03 luglio 2014 07:00

Mentre l’Ucraina resta in uno stato di profonda incertezza, l’Iraq si sta spaccando nel quadro di un devastante caos regionale. L’ultimo segnale d’allerta è arrivato martedì, quando il presidente del Kurdistan iracheno (autonomo ormai da quasi 25 anni) ha manifestato l’intenzione di organizzare un referendum sull’indipendenza. “L’Iraq è ormai diviso, quindi perché dovremmo continuare a subire la situazione tragica del paese?”, ha chiesto pubblicamente Massud Barzani prima di aggiungere che l’organizzazione del referendum è ormai “questione di mesi”.

Senza dubbio i curdi voteranno a favore dell’indipendenza, anche perché il Kurdistan iracheno attraversa un periodo di forte crescita economica. Passando da Istanbul, gli uomini d’affari europei, americani e arabi sbarcano in massa nella regione, e le strade sono ormai sicure e ben curate. Il Kurdistan iracheno, già indipendente di fatto, è spinto verso una separazione formale dall’Iraq da quando i jihadisti dello Stato islamico hanno approfittato dell’emarginazione dei sunniti da parte della maggioranza sciita per assumere il controllo delle regioni dove domina la minoranza che governava il paese ai tempi di Saddam Hussein.

Fatta eccezione per la capitale, a maggioranza sciita, l’Iraq è ormai la giustapposizione di tre diversi paesi – sunnita, sciita e curdo – all’interno di frontiere internazionali smentite dalla realtà sul campo.

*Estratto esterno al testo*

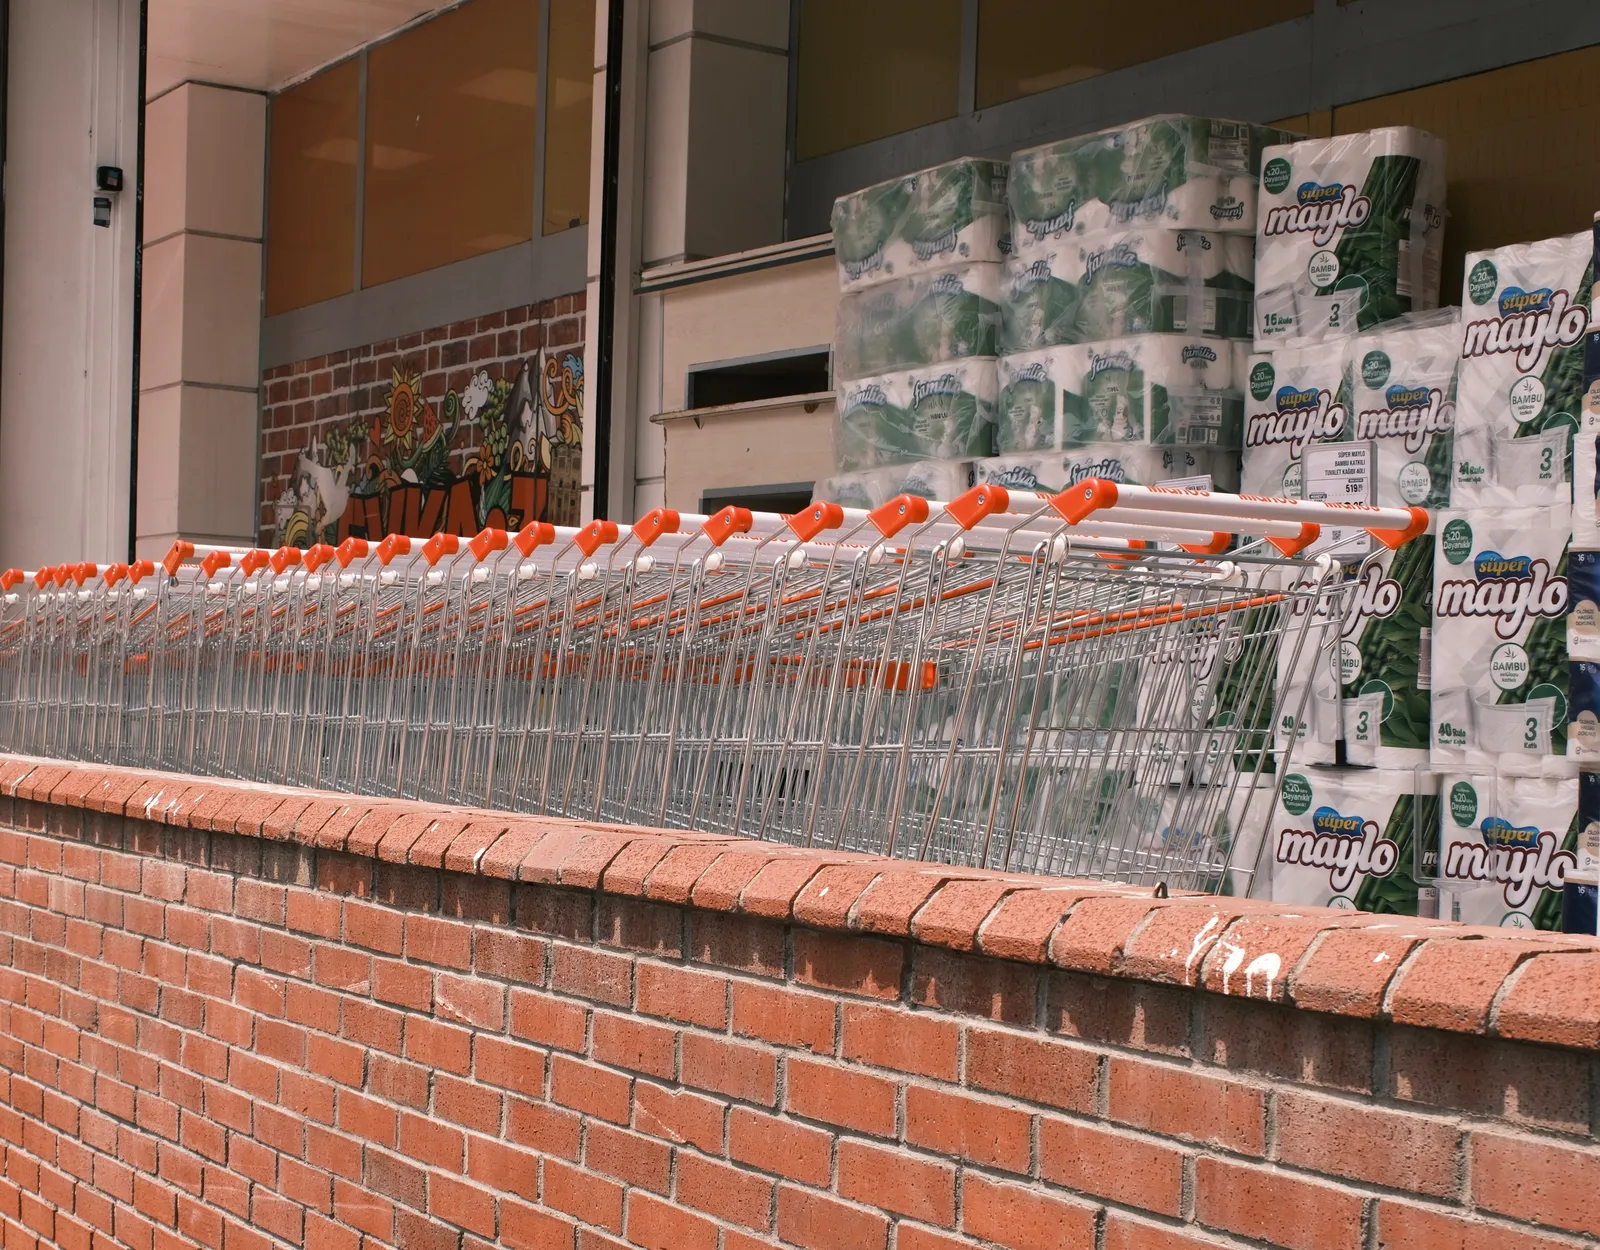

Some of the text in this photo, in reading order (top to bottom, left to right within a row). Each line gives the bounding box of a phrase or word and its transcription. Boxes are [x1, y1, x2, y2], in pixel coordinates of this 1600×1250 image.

[1301, 186, 1338, 199] süper
[1264, 184, 1371, 247] maylo
[1311, 264, 1337, 273] BAMBU
[1330, 303, 1340, 321] 3
[1503, 293, 1547, 311] süper
[1264, 313, 1277, 326] 16
[1462, 288, 1590, 373] maylo
[1279, 392, 1315, 407] süper
[1512, 394, 1542, 405] BAMBU
[1246, 388, 1348, 460] maylo
[1357, 388, 1457, 454] maylo
[1540, 447, 1553, 471] 3
[1070, 459, 1125, 485] familia
[1285, 479, 1301, 487] BAM
[1479, 556, 1526, 576] süper
[1436, 558, 1568, 640] maylo
[1493, 661, 1526, 671] BAMBU
[1282, 715, 1294, 729] 40
[1357, 711, 1369, 733] 3
[1438, 723, 1451, 737] 40
[1525, 717, 1538, 741] 3
[1318, 814, 1360, 832] süper
[1487, 824, 1534, 844] süper
[1277, 820, 1399, 892] maylo
[1445, 830, 1577, 908] maylo

Tra le zone sunnite dell’Iraq e della Siria, infatti, non esiste più un confine reale, mentre una frontiera è progressivamente emersa tra il Kurdistan e il resto dell’Iraq.

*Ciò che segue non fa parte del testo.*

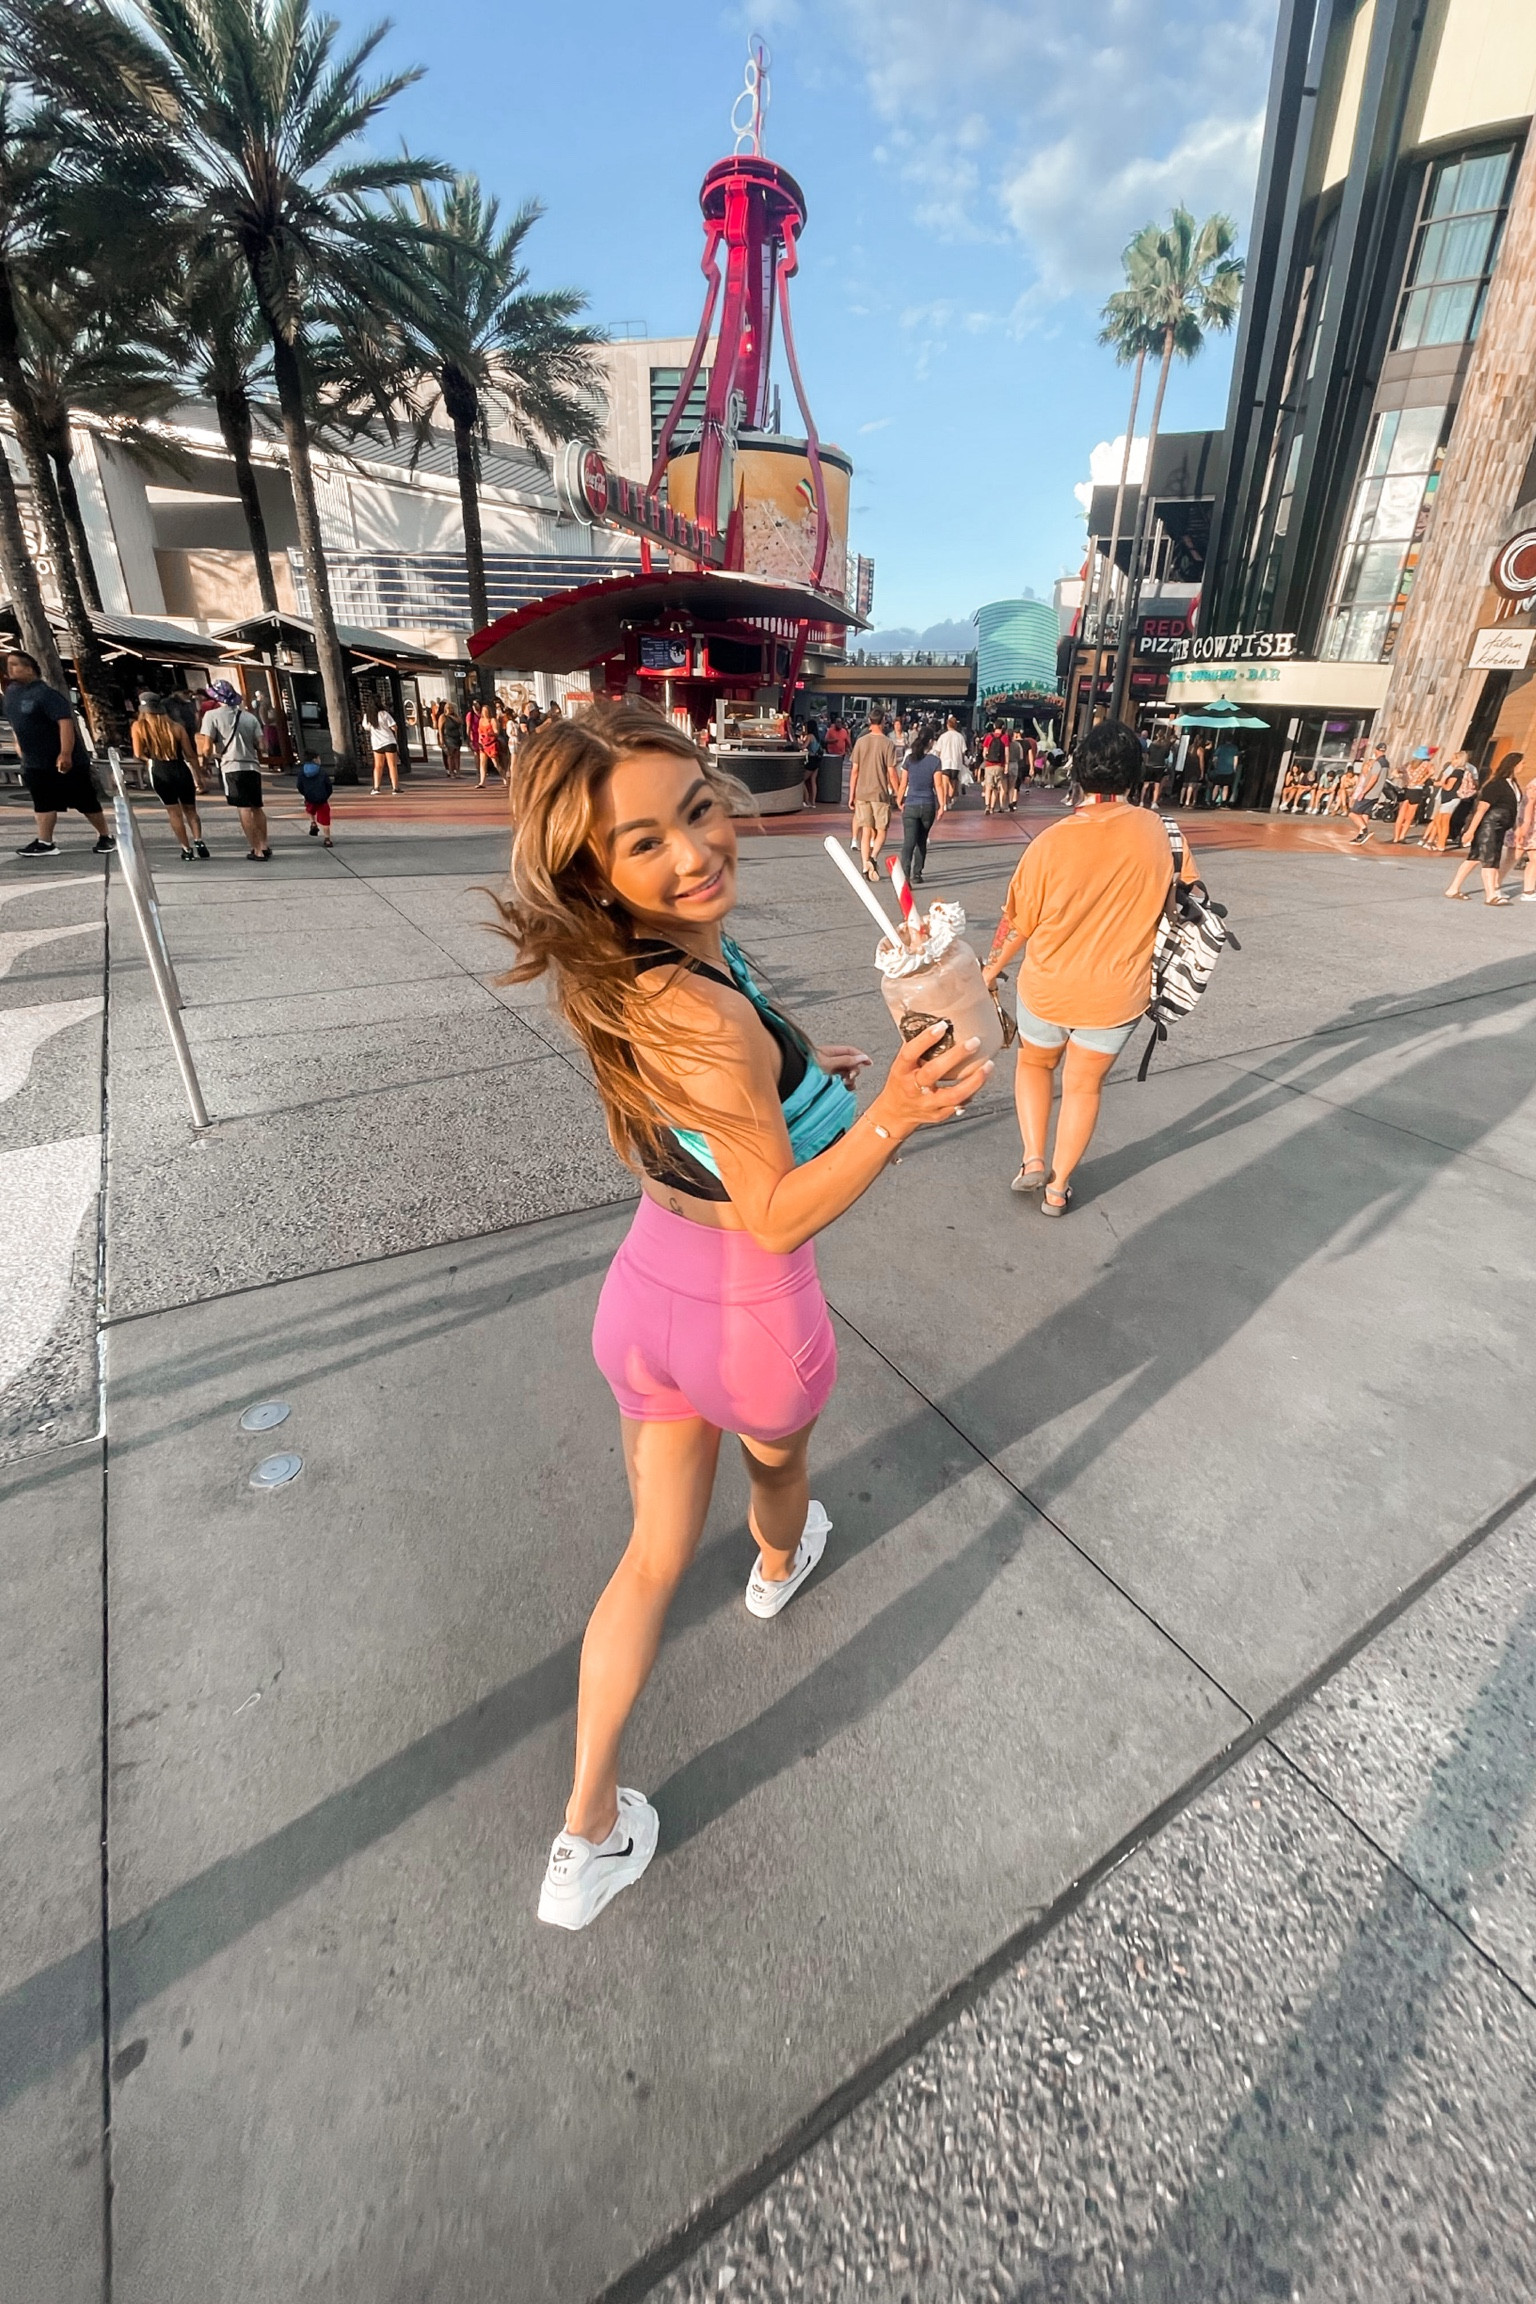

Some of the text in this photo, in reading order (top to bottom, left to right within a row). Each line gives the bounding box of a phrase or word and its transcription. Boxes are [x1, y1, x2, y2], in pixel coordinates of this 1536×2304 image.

[1143, 619, 1185, 636] RED
[1140, 637, 1182, 653] PIZZ
[1193, 632, 1296, 659] COWFISH
[1246, 668, 1280, 682] BAR

Se gli sciiti riusciranno a superare le divisioni interne, convincendo i curdi a non separarsi e i sunniti a rivoltarsi contro lo Stato islamico, l’unità irachena potrebbe sopravvivere. Ma è uno scenario improbabile, e a questo punto la cosa migliore sarebbe un allontanamento delle tribù sunnite da quei jihadisti che le hanno aiutate a rialzare la testa. Uno sviluppo di questo tipo non è del tutto impossibile, perché in fondo i sunniti iracheni realmente favorevoli al jihadismo sono pochi, ma è altrettanto vero che la riunificazione di un paese creato artificialmente dagli imperi britannico e francese alla fine della Prima guerra mondiale non sembra più possibile.

Questa situazione avrà tre conseguenze principali. La prima è che le altre minoranze curde della regione (in Siria, Iran e Turchia) saranno incoraggiate dal precedente iracheno e rivendicheranno più energicamente la loro autonomia. La seconda è che il legame tra la maggioranza sunnita siriana e la minoranza sunnita irachena provocherà una spaccatura della Siria dopo aver generato quella dell’Iraq. La terza conseguenza è che l’Iran rischia di perdere due alleati, l’Iraq a maggioranza sciita (offerto a Teheran su un piatto d’argento dall’intervento statunitensei) e la Siria guidata dal clan Assad, sciita-alauita. Con una mappa in piena evoluzione, il Medio Oriente si sta ormai balcanizzando.